5. How will the audio (sound) be handled?You won’t want an annoying microphone hanging over you or your guests throughout the day. Nowadays, most quality video cameras feature microphones that pick up clear sound. If a videographer wants to record the best audio during the vows, he or she will place a wireless mic on the officiant or groom― never on the bride, as it might affect the wedding dress.
6. What types of cameras/lighting will you use?Hire a professional who owns the most advanced and modern equipment to ensure the best picture quality. The latest video cameras are more light-sensitive, so the videographer doesn’t have to bring in harsh, glaring, or obtrusive lighting.
7. How many other weddings will you be shooting on my wedding day?You will want to know that you’ll have the videographer’s full attention and time. If the person is overbooked, he or she may rush through your event. Be sure your wedding doesn’t overlap with another.

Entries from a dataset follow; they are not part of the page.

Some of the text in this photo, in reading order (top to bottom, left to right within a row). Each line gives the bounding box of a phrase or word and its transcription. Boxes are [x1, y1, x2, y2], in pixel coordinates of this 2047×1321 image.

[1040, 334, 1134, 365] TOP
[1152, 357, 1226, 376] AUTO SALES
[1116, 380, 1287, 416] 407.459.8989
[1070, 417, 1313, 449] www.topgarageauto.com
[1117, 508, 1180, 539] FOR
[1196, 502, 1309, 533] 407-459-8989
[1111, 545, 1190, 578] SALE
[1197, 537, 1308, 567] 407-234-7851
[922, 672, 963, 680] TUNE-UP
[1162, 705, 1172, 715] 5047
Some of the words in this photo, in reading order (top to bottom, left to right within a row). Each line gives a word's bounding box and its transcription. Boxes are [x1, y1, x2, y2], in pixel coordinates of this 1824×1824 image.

8. Will you coordinate with my photographer?It’s a good idea to have the videographer and photographer meet, even for just a few minutes before the ceremony, to collaborate on the video and photography coverage. You do not want them competing for shots, which can create an uneasy atmosphere.
9. What is your editing process?Some videographers use an in-camera editing technique to cut costs. But this process, in which the person tries to shoot the raw footage as cleanly as possible to reduce editing time later, can produce a low-quality video. Wedding videos should be professionally edited postproduction, after the film negative is uploaded onto a computer. Once the film is on the computer, the videographer can edit on-screen. Pros usually take three hours to edit one hour of video footage.
10. Do you offer HD-ready video?In the age of high-definition television, this is good to know. If you are investing in a quality wedding video, you’ll most likely want to receive the most up-to-date product, which offers the sharpest pictures and will be compatible with any high-tech entertainment system that you want to set up.